The TPA/TPA* wires 13 and 15 and TPA/TPB* wires 17 and 19 are used as direct analog inputs to the quadrature modulator 22. Preferably, the voltage level of the TPA/TPA* wires 63 and 65 and TPB/TPB* wires 67 and 69 are level converted and transmitted to TPA TPA* wires 13 and 15 and TPA/TPB* wires 17 and 19. More preferably, the voltage levels of TPA/TPA* wires 63 and 65 and TPA/TPB* wires 67 and 69 are level converted such that TPA/TPA* wires 13 and 15 and TPA TPB* wires 17 and 19 are in the linear range of the quadrature modulator. A quadrature modulator operating in the linear range dose not use the conventional method of quadrature modulation described in Figure 2. In the linear range, there are no quadrant subdivisions 225 as shown in Figure 2, and I 223 and Q 221 voltages are mapped continuously. However, the quadrature modulator chip itself may be a conventional quadrature modulator as described in Figure 1.

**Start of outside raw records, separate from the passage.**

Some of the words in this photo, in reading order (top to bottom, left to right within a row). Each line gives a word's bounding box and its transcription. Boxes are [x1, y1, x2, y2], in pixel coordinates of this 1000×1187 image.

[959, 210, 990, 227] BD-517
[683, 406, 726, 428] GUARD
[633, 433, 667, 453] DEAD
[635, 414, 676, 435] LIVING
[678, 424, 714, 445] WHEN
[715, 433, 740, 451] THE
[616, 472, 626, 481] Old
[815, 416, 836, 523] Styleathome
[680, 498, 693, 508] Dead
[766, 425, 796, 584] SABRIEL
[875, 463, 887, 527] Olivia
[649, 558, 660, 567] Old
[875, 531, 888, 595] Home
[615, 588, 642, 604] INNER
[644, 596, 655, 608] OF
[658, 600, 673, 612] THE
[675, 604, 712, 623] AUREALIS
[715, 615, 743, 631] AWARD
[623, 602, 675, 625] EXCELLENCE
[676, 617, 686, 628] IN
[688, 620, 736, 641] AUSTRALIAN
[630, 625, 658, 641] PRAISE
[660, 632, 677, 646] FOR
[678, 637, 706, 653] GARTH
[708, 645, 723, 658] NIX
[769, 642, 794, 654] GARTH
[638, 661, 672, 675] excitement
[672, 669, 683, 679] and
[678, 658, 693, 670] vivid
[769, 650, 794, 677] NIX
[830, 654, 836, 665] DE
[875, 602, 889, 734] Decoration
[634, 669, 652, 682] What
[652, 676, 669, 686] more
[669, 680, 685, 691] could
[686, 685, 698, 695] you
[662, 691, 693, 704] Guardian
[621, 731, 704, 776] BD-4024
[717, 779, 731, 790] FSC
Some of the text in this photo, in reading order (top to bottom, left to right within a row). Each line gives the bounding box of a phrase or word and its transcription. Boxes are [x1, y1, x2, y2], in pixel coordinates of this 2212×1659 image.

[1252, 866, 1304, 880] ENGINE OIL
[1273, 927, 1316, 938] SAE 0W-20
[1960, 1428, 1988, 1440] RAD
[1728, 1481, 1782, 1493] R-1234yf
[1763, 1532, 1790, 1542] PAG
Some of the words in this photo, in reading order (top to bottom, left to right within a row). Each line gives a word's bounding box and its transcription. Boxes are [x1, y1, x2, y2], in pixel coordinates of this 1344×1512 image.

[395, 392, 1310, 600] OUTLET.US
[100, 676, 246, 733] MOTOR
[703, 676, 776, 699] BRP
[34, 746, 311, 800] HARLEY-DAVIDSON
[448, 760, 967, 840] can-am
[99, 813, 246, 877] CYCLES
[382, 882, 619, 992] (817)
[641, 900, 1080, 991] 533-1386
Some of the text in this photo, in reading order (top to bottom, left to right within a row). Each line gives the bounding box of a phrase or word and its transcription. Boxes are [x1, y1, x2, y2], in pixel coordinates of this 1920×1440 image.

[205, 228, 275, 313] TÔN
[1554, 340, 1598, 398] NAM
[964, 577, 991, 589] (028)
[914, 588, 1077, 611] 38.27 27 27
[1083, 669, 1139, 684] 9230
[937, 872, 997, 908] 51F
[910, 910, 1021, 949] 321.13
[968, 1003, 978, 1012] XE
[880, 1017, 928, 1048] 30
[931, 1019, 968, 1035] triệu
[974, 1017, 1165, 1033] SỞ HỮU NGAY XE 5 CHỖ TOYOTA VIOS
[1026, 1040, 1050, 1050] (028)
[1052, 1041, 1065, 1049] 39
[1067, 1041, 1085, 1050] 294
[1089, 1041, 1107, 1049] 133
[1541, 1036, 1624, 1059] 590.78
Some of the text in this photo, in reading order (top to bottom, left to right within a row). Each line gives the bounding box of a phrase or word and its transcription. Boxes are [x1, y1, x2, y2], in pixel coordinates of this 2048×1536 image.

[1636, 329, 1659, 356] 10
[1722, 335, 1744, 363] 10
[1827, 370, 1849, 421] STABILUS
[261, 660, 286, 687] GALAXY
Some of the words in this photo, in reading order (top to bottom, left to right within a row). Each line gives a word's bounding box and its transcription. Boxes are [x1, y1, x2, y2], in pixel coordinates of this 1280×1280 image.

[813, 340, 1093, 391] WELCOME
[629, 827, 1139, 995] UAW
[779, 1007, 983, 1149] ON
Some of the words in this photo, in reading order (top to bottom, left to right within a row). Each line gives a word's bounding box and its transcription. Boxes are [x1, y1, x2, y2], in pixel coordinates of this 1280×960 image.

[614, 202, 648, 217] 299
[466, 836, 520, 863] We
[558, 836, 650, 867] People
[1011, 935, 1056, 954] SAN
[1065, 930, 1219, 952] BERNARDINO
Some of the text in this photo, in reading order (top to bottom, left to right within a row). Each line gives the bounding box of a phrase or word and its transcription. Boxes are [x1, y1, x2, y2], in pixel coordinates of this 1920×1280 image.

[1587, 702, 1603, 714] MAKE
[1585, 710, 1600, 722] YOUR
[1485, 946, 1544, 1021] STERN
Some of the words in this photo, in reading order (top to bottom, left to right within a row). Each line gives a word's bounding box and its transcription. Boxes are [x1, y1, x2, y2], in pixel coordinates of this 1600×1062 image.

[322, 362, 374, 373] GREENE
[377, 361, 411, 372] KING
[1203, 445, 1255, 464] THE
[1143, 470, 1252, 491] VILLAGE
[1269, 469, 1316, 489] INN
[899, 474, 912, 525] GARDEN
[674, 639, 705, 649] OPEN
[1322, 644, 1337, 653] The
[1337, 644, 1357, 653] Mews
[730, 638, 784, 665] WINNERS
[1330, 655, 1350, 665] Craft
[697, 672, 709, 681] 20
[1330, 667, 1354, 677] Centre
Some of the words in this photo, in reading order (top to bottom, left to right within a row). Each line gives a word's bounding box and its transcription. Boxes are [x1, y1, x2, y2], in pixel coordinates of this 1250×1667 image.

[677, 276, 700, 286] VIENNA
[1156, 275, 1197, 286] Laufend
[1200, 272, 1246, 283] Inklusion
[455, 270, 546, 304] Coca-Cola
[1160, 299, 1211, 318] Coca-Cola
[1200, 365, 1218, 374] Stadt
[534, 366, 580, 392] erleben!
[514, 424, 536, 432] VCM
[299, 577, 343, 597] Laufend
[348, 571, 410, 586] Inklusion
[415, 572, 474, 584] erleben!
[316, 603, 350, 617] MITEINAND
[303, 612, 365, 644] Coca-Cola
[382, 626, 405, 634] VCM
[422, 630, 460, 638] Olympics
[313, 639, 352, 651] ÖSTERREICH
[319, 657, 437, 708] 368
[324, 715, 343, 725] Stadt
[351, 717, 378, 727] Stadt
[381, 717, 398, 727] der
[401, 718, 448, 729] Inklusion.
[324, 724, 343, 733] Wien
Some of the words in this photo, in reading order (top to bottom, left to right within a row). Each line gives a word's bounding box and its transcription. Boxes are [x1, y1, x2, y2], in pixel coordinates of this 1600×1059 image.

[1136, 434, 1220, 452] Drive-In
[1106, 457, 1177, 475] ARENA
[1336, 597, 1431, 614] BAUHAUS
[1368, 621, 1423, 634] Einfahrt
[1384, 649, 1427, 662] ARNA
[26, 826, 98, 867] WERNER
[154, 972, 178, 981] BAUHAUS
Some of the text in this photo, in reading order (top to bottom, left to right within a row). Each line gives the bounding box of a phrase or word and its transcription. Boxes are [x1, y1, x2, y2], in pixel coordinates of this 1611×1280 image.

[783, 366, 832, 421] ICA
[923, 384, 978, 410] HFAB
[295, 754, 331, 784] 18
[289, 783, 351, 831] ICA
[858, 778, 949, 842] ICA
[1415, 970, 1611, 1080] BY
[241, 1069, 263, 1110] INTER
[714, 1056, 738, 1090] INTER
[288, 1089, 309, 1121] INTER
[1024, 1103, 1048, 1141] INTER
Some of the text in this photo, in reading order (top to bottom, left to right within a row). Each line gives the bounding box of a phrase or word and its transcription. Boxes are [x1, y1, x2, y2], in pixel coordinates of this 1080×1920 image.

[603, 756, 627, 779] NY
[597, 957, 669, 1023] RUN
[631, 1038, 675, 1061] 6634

Turning back to Figure 4, unlike the conventional ISIG/IREF and QSIG/QREF signal inputs, which are derived from a digital to analog converter, the signals from the TPA/TPA* wires 13 and 15 and TPA/TPB* wires 17 and 19 are analog signals intercepted directly from the high speed serial bus wire. There is no analog to digital conversion or IF mixing. The PHY chip is not used. Unlike ISIG/IREF and QSIG/QREF signal inputs in a conventional configuration, TPA/TPA* and TPB/TPB* signals carried along an IEEE 1394 cable, or alternatively, Ethernet, and USB cable, contain differential mode signaling. An example of a signal containing both common mode and differential signaling from an IEEE1394 cable is shown in Figure 3, described above.

Alternatively, differential signaling is used by a IEEE1394 cable for the following functions: resetting devices, arbitrating signals, configuration of devices, and packet transmission. The differential mode signaling environment transmits digital signals at speeds of 100, 200, or 400 MHz. Differential signaling on an IEEE 1394 cable has three signal states: differential 1 (when the voltage of the first wire is higher than the second), differential 0 (when the voltage of the second wire is higher than the first), and Hi Z. The Z state represents an undriven state. Differential signaling on an Ethernet or USB cable includes two states: differential 0 and differential 1. When an Ethernet or USB cable is undriven, the wire is forced into either the differential 0 or differential 1 state at the termination point.

As will be readily known by one of ordinary skill in the art, a quadrature modulator is typically driven by a local oscillator 23. The local oscillator 23 drives the quadrature modulator at a specific frequency, which reflects the rate that data is transferred by the system. The quadrature modulator 22 has an RF output that is coupled to the coaxial cable

29 for signal transmission. The signal from the coaxial cable is thenreceived by a direct conversion tuner 31. As will be readily understood by one of ordinary skill in the art, direct conversion tuners are commercially available from several companies, for example, Maxim Integrated Products, Inc. Preferably, the direct conversion tuners 31 and 25 are of the type described in the Tomasz patent. However, the Direct-Conversion Tuner Integrated Circuit disclosed in Tomasz et al. as well as similar direct conversion tuners are designed for direct conversion of direct broadcast satellite signals such as those used for digital television to baseband in-phase and quadrature-phase signals. In accordance with the system and method herein, an RF signal from a coaxial cable can be used as an input for the direct conversion tuner 31 to achieve the result of generating differential signals suitable for transmission on a high speed serial bus.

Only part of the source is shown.